Birileri bu işi sahiplenmekten öte kendi karşılarındakilerden hesap sorma vesilesi sayıyor..

Farklı insanlar ortak bir gaye için bir araya gelmişler. Hayır, birileri kendi pankartını açacak, kendi sloganını söyleyecek. Küçük bir grup, belli bir tarafa kümelenecek ve hep birlikte aynı sloganı atacaklar.. Hatta kendi sloganlarını söylemeyenleri sabote etmeye çalışacaklar..

Nasıl bir ruh hali ise bu! “Hayır” diyemeyecekleri şeyleri söyleseniz bile, “kendilerinden biri” saymadıkları bir kişiden bu cümleleri duymak bile onları rahatsız edecek..

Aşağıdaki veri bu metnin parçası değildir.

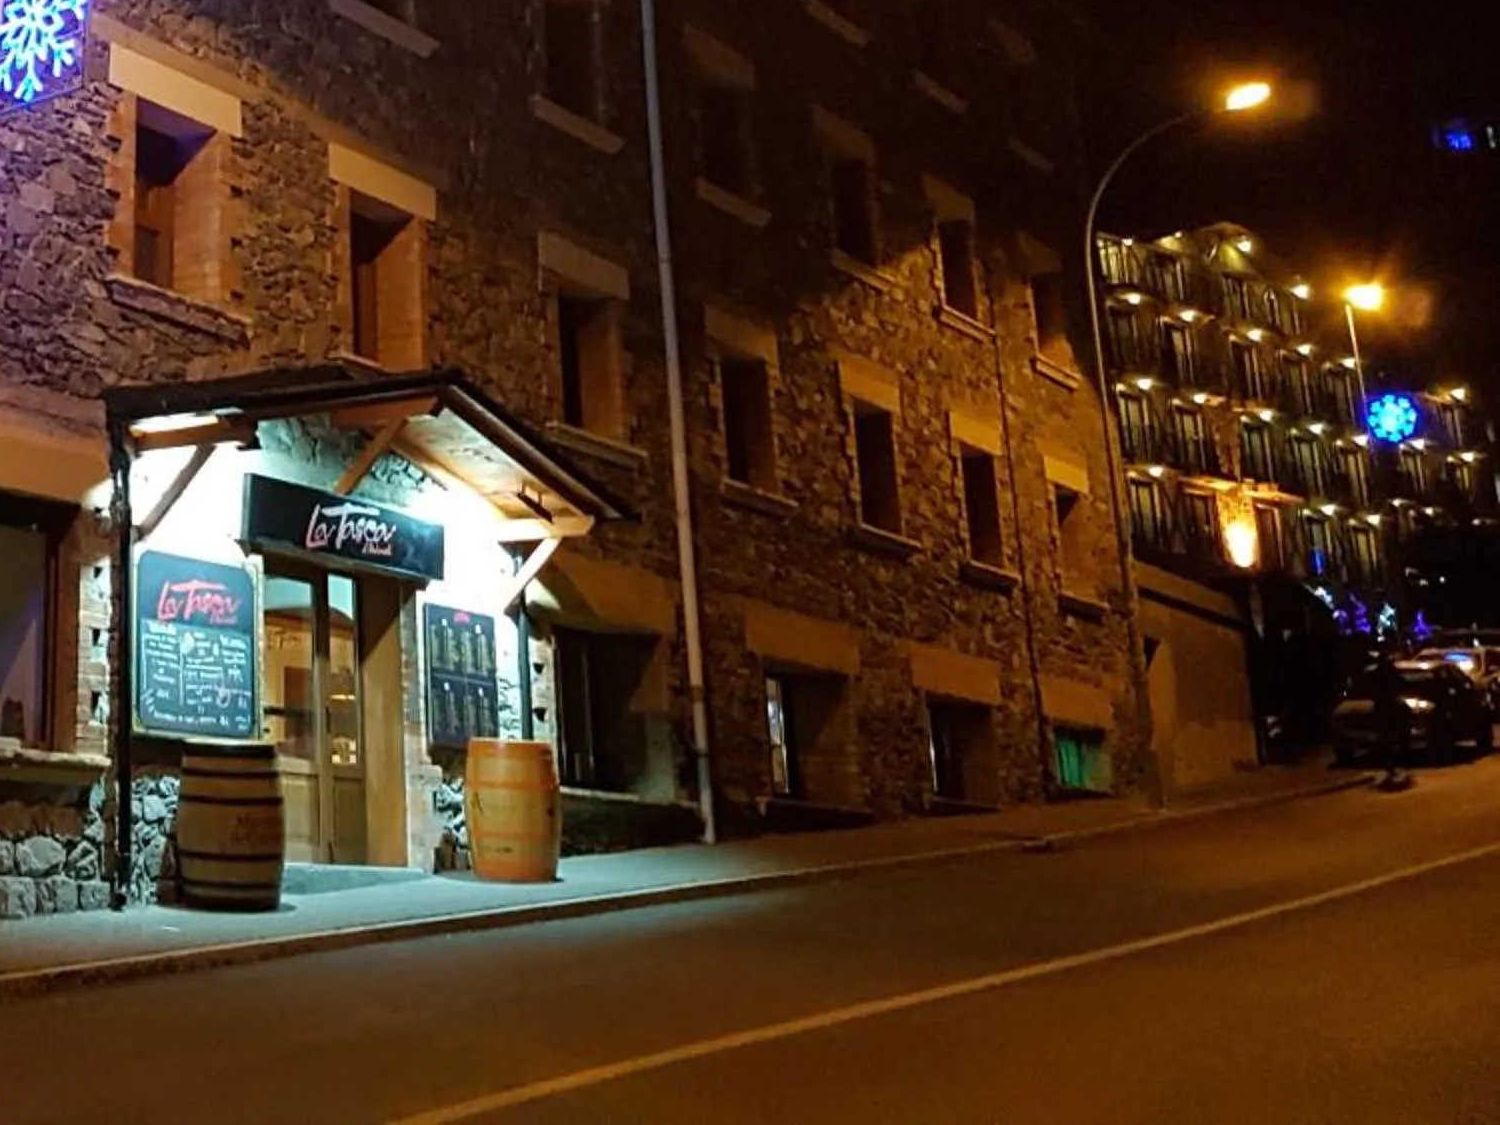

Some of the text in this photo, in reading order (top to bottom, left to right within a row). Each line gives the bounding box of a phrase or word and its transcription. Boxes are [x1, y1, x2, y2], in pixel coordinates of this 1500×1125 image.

Farklı insanlar, ortak bir maksat için bir araya gelmişlerse, eğer başkası düzenlemişse, misafir olarak gelmişlerse, ev sahibinin kurallarına uyarlar. Yok eğer kolektif bir eylem ortaya konuyorsa, o zaman yine gündemin dışına çıkmazlar ve taraflar birbirini rencide edici tavırlar içine girmezler, herkesin katılımı ile gerçekleşen bir eylemi, kendi bayrak, pankart ve sloganları ile ele geçirmeye çalışmazlar, kürsüde konuşan kişilere karşı da saygılı olurlar..

Aynı değerlere inanan insanlar birbirlerine böyle şeyler yapıyorlarsa, ötekilere karşı nasıl güven verebilirler ki? Bunlar mı başkalarının haklarına saygı gösterecek ve diğerlerinin özgürlüklerini koruyacak?

Bu son zamanlarda toplumun farklı kesimlerinde moda olan bir tutum. Solda da bazı böyle gruplar var. Bunun adına eylem çalmak diyorlar.. Bu tahammülsüzlük niye! Kendilerinden başka dürüst, namuslu insan yok.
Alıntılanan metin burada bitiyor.